High season for park attendance is US spring break (March/April), US summer break (June/July) and US Christmas break (last two weeks of December).

Then, finally there is when you are most likely to get a trade-no one really knows the rhyme or reason certain resorts/rooms/dates are deposited. It happens in proportion to DVC member exchanging into RCI, but since it's points based system DVC seems to have some flexibility in resort/room type/date they deposit. Most common resorts are Saratoga Springs Resort (SSR) & Animal Kingdom Villas (AKV). Old Key West (OKW), Villas at Wilderness Lodge (VWL) are second most common, followed by Boardwalk Villas (BWV). Bay Lake Tower (BLT) and Beach Club Villas (BCV) are occasionally deposited.





aamista said:


> am lucky that am from Egypt and schools starts here on 20-25 September,
> so the best time to go after the labor day?
> do you have an idea which better resort for me?
> also we are a family of 2 adults and 3 kids , 1 6 years and twins 3 years ... is there a resort that have 1 br but fits 5 people?
> thanks


All things considered, including your holiday schedule, I'd say September is your best bet -- it's the intersection of all low seasons and relatively good weather for the summer.

You'll most likely match for a 1bdrm. AKV, OKW, & BLT 1bdrms have capacity for 5 people -- all the rest have 4. VWL _studios _have capacity for 5 as well. Studios and 2 bedrooms are rarely deposited on RCI.

With young kids, you'll spend the majority of your time at MK. BLT is yoru best option -- walk to MK, on monorail for dining @ Poly/GF resorts and monorail to Epcot. VWL is second best option -- technically a MK resort but boat ride which can take 20+ minutes each way. You can take a boat to Contemporary to catch monorail to Epcot, or take bus to GF to hop monorail to MK.

AKV and OKW are non-park resorts (not located in MK or Epcot). AKV is our favorite _resort_ logistics aside. We tend to stay there when we drive, so can avoid having to catch buses everywhere (RCI exchange include free parking at parks). If you don't have a car, I'd stick to BLT/VWL preferably. BCV/BWV if you want to stay at Epcot resorts (better for older kids with access to Epcot and Hollywood by boat). SSR is another *great* off-park resort (great pools/water slides, restaurants, boat ride to DD). However I prefer AKV to SSR (also great pools/water slides), but by no means is SSR a bad resort -- just far from the parks like AKV. You do get free bus transportation at all resorts, _which is very nice_, but just time consuming.

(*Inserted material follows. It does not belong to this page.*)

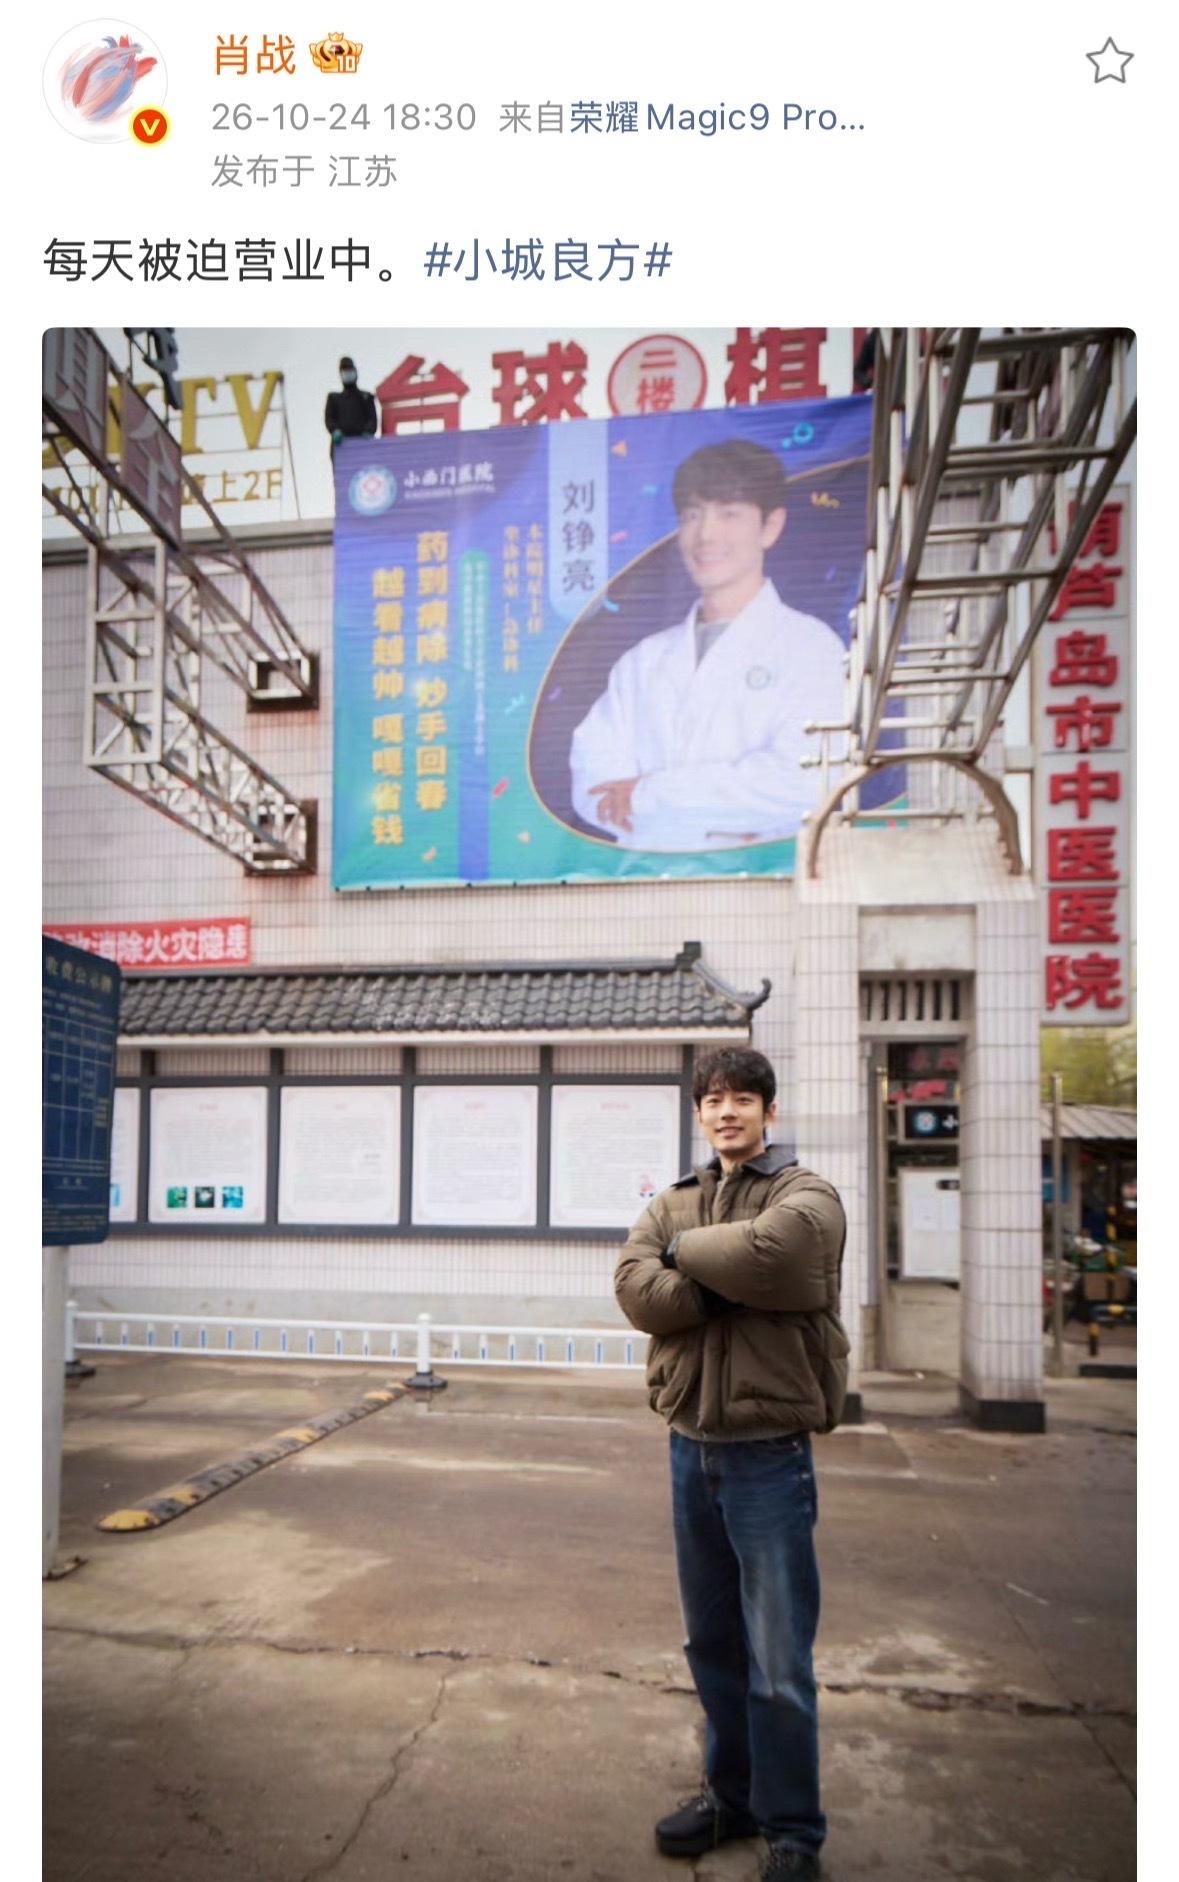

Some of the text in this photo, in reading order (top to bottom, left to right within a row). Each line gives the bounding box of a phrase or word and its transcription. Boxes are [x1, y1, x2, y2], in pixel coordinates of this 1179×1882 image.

[724, 328, 868, 409] 棋
[562, 479, 595, 593] 刘铮亮
[43, 924, 248, 965] 改消除火灾隐患

Once you figure out your preferred resorts (e.g. BLT/VWL) and date ranges, I'd put in a couple OGS searches in -- one for you preferred resort(s), one for everything else. Maybe 2-3 OGS. Keep in mind OGS is minimum room size, so a OGS for Studio will match Studio-3bdrm. So no need for multiple _unless_ you really want a 2bdrm but are willing to accept a smaller unit in which case you may want 2 searches so the search for 2bdrm won't get blocked by a 1 bdrm match. Same logic for why to create multiple for resorts -- if you search all resorts, your sure to get SSR which will block any others -- better to have one for BLT, one for VWL, then one for everything else (for example), so the BLT/VWL searches don't get blocked by a SSR match -- better to have multiple matches and release the ones you don't want. You can create multiple OGS for *free* -- just skip over the payment step (you'll still pay when you confirm a hold).


aamista said:


> thanks, will you give me the code that i can search those resorts on hgvc rci exchange?
> thanks


*DVC RCI codes* - Timeshare Users Group Forums

 Also, just to add -- HGVC has access to RCI Points and RCI Weeks exchanges (two separate pools of exchanges).  Disney deposits to both, however online searches (OGS) only match RCI Weeks.  So, you'll want to monitor RCI around 5-7 months out for Points deposits under Available Exchanges to basically double your chances of finding a DVC exchange.  The members only Sightings board here on TUG is a great place to crowd source sightings (can subscribe to forum using Tapatalk app on a smartphone to get notifications of new sightings).


----------



## aamista (Dec 17, 2014)

Thanks a lot
If i eant to stay for around 10 days
Will i make it in pne search? Or two?


----------



## rfc0001 (Dec 17, 2014)

aamista said:


> Thanks a lot
> If i eant to stay for around 10 days
> Will i make it in pne search? Or two?


Standard DVC exchanges are 7 days (including on the Points side) - there are special 3 and 4 day OKW and SSR "Weeks" (with their own RCI codes) however these are still considered a standard week, thus same exchange rate (3400 HGVC Points for 1bdrm), and are less common, so you are better off trying to get two back to back (or overlapping) standard weeks and just using 3 days of the second reservation. Keep in mind HGVC MFs/pt are around $0.20 so a 3400 ressie is worth $680 in MFs+$200 RCI exchange fee+$95 resort fee so your cost for the second week is $975 -- still cheaper than booking those extra 3 nights with Disney or even renting the points from a DVC member (would cost $1200 on avg to rent 1bdrm 3 days in Sept). You'll need separate OGS searches to secure two weeks -- I'd set one for Fri-Sat checkin (most common days), and one for the following Fri-Sat (if you have separate OGS searches for separate resorts, you'll need 2 for each). It's fine if you get a Sat-Sat reservation for the first one and Fri-Fri for the second -- can always check-in but not stay there the Friday or checkout of the first one early. If you happen to get the same resort, you can reference each reservation from the other and request to stay in the same room; also ask at check-in to confirm.


----------



## Sugarcubesea (Dec 17, 2014)

Is there any way to trade into Disney with my II membership?


----------



## chalee94 (Dec 17, 2014)

Sugarcubesea said:


> Is there any way to trade into Disney with my II membership?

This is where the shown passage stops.